The hardtop provides a quieter cabin, increased security and a cleaner look compared to the previous softtop designs.

“Our goal from the beginning was to make sure customers didn’t have to sacrifice any functionality, performance or comfort when choosing the hardtop convertible,” said Josh Holder, Corvette program engineering manager. “We managed to keep the same design theme as the coupe, as well as the exceptional storage capacity and track capability.”

Inspired by jets

Like the coupe, the Stingray convertible’s design was inspired by fighter jets. The tonneau cover features aerodynamically shaped nacelles influenced by the housing used for jet engines. The nacelles, which were also used as inspiration on the Chevrolet Engineering Research Vehicle (CERV) I and II, as well as the Corvette SS and SR2 concepts, help reduce air recirculation into the cabin and provide a remarkably exotic profile with the top up or down. The tonneau also provides a rear power-adjustable window and a vent for mid-engine cooling.

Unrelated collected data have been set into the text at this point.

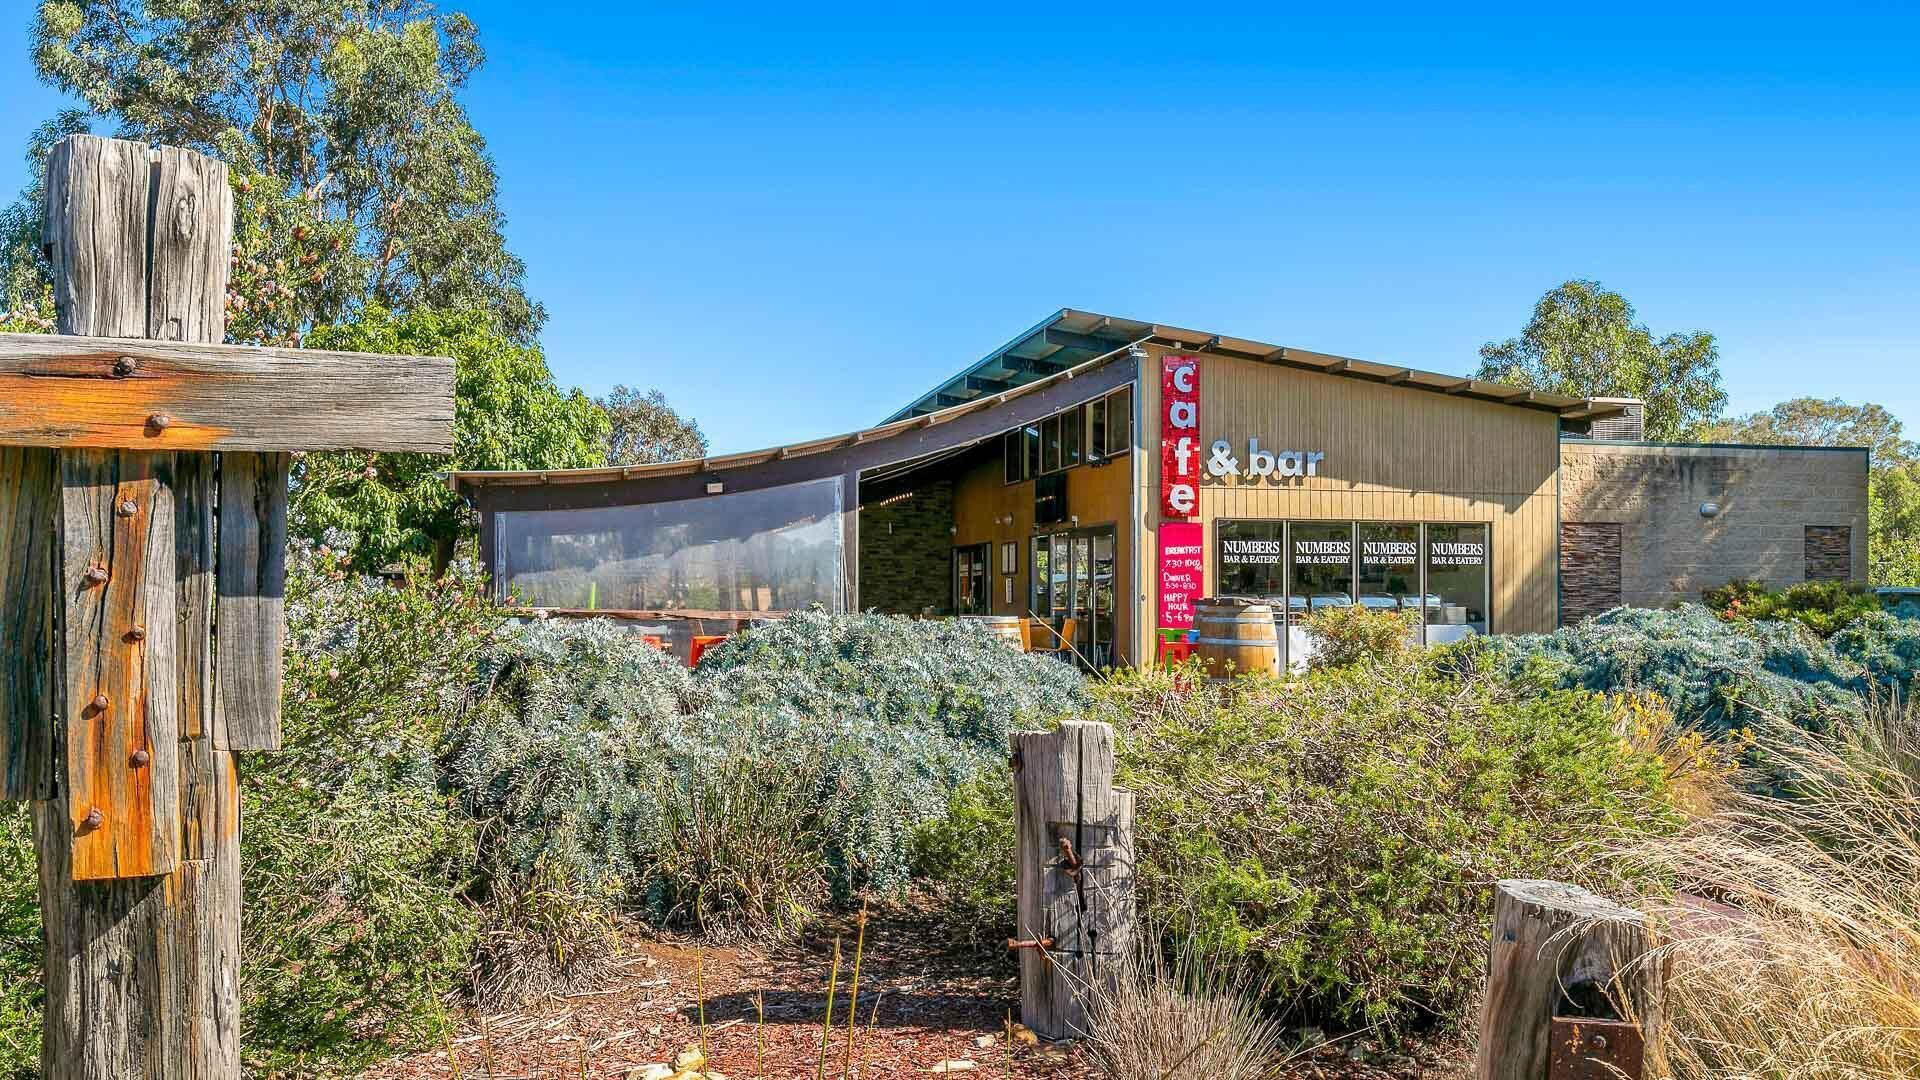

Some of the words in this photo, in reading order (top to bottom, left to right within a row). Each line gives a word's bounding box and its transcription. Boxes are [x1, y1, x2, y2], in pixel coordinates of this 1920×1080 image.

[1169, 366, 1196, 513] cafe
[1207, 440, 1241, 477] &
[1248, 437, 1324, 478] bar
[1223, 540, 1280, 554] NUMBERS
[1295, 541, 1351, 555] NUMBERS
[1363, 542, 1417, 555] NUMBERS
[1431, 542, 1484, 556] NUMBERS
[1223, 555, 1240, 564] BAR
[1241, 555, 1249, 564] &
[1249, 555, 1280, 564] EATERY
[1296, 555, 1312, 564] BAR
[1312, 555, 1320, 564] &
[1320, 555, 1351, 564] EATERY
[1363, 556, 1379, 565] BAR
[1379, 556, 1387, 565] &
[1388, 556, 1417, 565] EATERY
[1432, 556, 1447, 565] BAR
[1448, 556, 1455, 565] &
[1455, 556, 1484, 565] EATERY
[1163, 592, 1188, 602] HAPPY
[1167, 602, 1189, 611] HOUR

The two-piece top can be activated at speeds up to 30 mph and retract in as few as 16 seconds. It is powered by six electric motors — a Corvette first — and uses encoders for precise control. Switching to electric motors from hydraulic systems helps increase reliability. A body-colored roof is standard, while Carbon Flash metallic-painted nacelles and roof are optional.

Careful attention was paid to make sure the engine could breathe when stored underneath the tonneau cover. The sheet-molded composite top stows in a compartment made from lightweight composite panels and heat shields to manage heat from the engine.

A divider glass window in the middle of the vehicle can be power adjusted with the top up or down. The glass has been optimized to reduce air recirculation and wind noise in the cabin for improved quietness. The roof system design, combined with the same rear spoiler used on the Stingray coupe’s Z51 Performance Package, results in identical drag between the coupe and convertible with the top up.

Engineers tweaked the chassis for the convertible, with springs and dampers tuned specifically to provide nearly the same performance as the coupe.

No compromise performance

Like the Stingray coupe, the convertible is powered by the next-generation 6.2L Small Block V-8 LT2 engine, the only naturally aspirated V-8 in the segment. It will produce 495 horsepower (369 kW) and 470 lb-ft (637 Nm) of torque when equipped with performance exhaust — the most horsepower and torque for any entry Corvette.

The LT2 is paired with Chevrolet’s first eight-speed dual-clutch transmission, which provides lightning-fast shifts and excellent power transfer. This transmission is uniquely designed to provide the best of both worlds: the spirited, directly connected feeling of a manual and the premium driving comfort of an automatic. The double-paddle de-clutch feature even allows the driver to disconnect the clutch by holding both paddles for more manual control.

When combined, the advanced propulsion system, revised chassis tuning and retractable hardtop make the 2020 Stingray the most no-compromise Corvette convertible in history.

The 2020 Chevrolet Corvette Stingray coupe goes into production at GM’s Bowling Green Assembly in late 2019, with the convertible following in late first-quarter 2020. A right-hand drive version of the convertible will be available in select international markets at a later date.